En este grupo heterogéneo debemos colocar casos diversos que guardan entre sí alguna analogía.
Ante todo el de las personas casadas que ya no viven con su legítimo cónyuge por haberse separado (a veces de modo inculpable por parte de uno de ellos). Si bien no les es lícito realizar actos sexuales con quien no están legítimamente casados, sin embargo, no es pecado para ellos pensar o recordar los actos realizados con su cónyuge legítimo, porque todo lo que es lícito hacer, es también lícito desearlo y recordarlo (salvo que esto sea peligro próximo de consumar sus deseos en un acto ilícito sea solo o con otros).

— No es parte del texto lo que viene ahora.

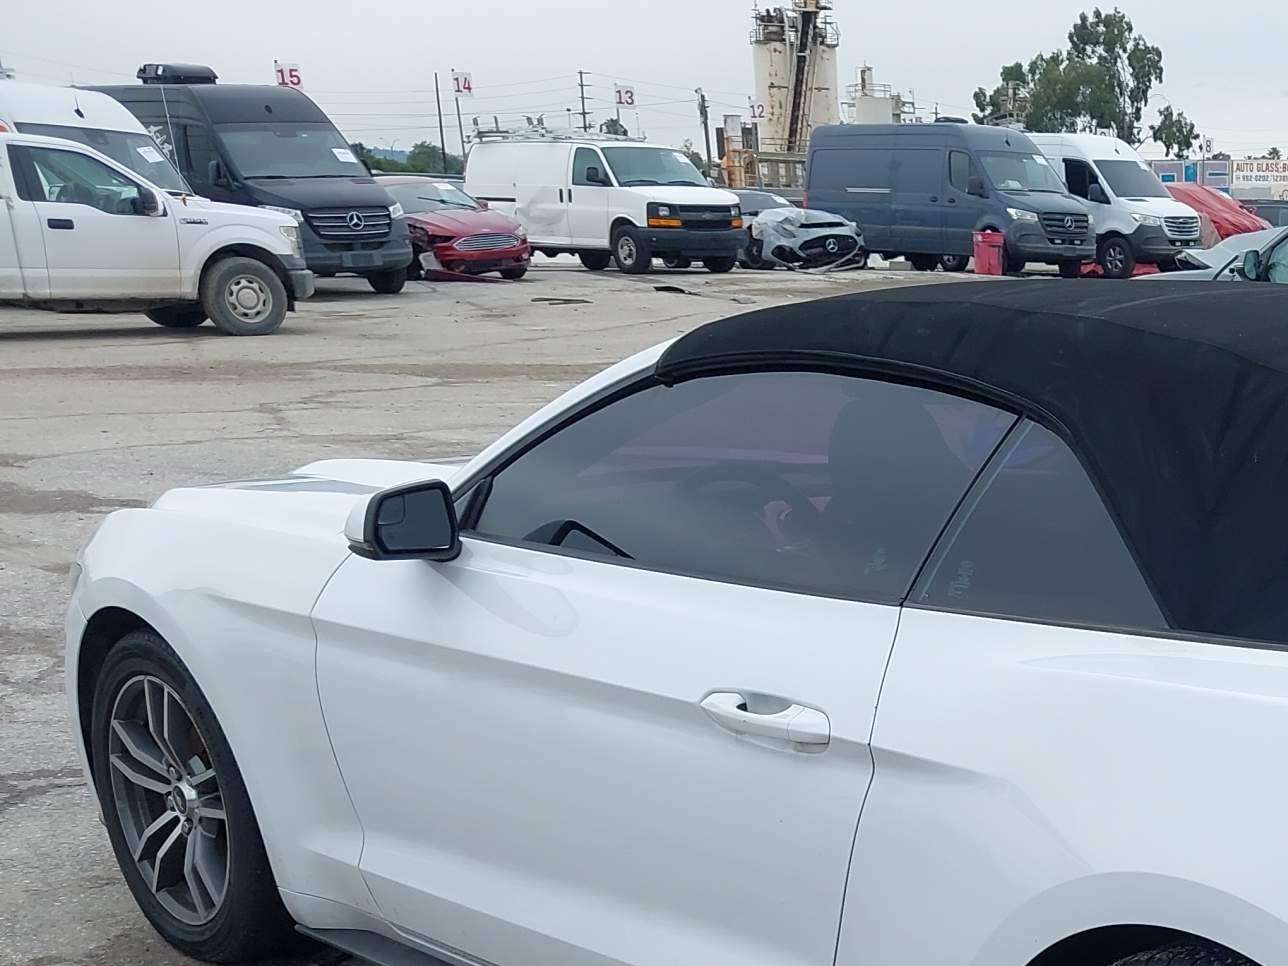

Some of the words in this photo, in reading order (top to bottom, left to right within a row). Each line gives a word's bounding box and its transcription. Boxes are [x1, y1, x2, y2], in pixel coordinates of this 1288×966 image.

[276, 68, 301, 86] 15
[453, 76, 472, 93] 14
[615, 89, 635, 105] 13
[750, 104, 765, 118] 12
[1205, 139, 1211, 153] 8
[1235, 163, 1254, 173] AUTO
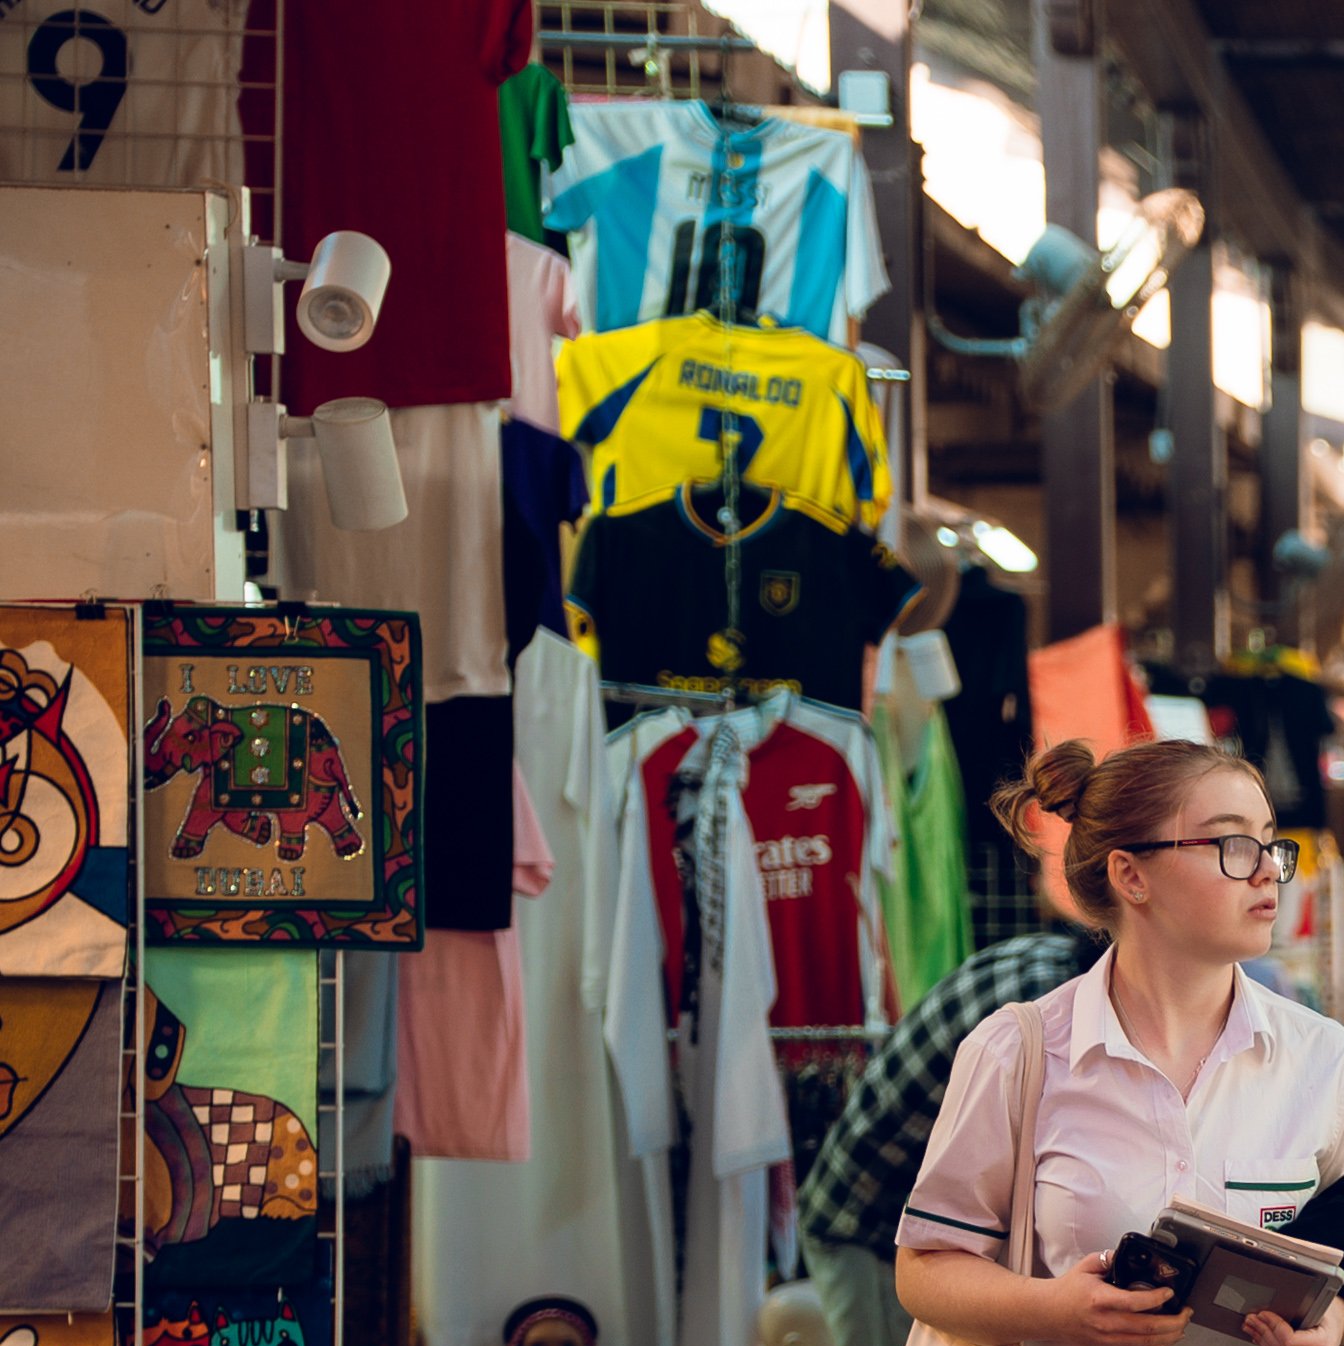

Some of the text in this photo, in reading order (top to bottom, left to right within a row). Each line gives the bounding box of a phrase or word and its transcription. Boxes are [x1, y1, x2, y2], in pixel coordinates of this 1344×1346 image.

[27, 8, 128, 172] 9
[179, 664, 314, 695] I LOVE
[194, 866, 307, 897] DUBAI
[1264, 1210, 1293, 1223] DESS

Este estado es para muchos una cruz, pero es una cruz a la que deben abrazarse por amor a Cristo y por fidelidad a lo que le prometieron delante de Dios, aunque su fidelidad no sea correspondida por su cónyuge.
Estos no deberían hablar, como lamentablemente se oye a menudo, de “mi ex-esposo o mi ex-esposa” o simplemente “mi ex”. El vínculo matrimonial contraído ante el altar de Dios no se ha roto. No viven juntos y puede ser que haya de por medio heridas muy grandes que los han llevado a la separación; pero siguen siendo esposos ante Dios, obligados a rezar uno por el otro. El lenguaje así empleado tergiversa el concepto de “perpetuidad” que es propio del vínculo matrimonial (“hasta que la muerte los separe”); y el concepto tergiversado termina por hacer borrosas las motivaciones para mantenerse firmes en estas circunstancias.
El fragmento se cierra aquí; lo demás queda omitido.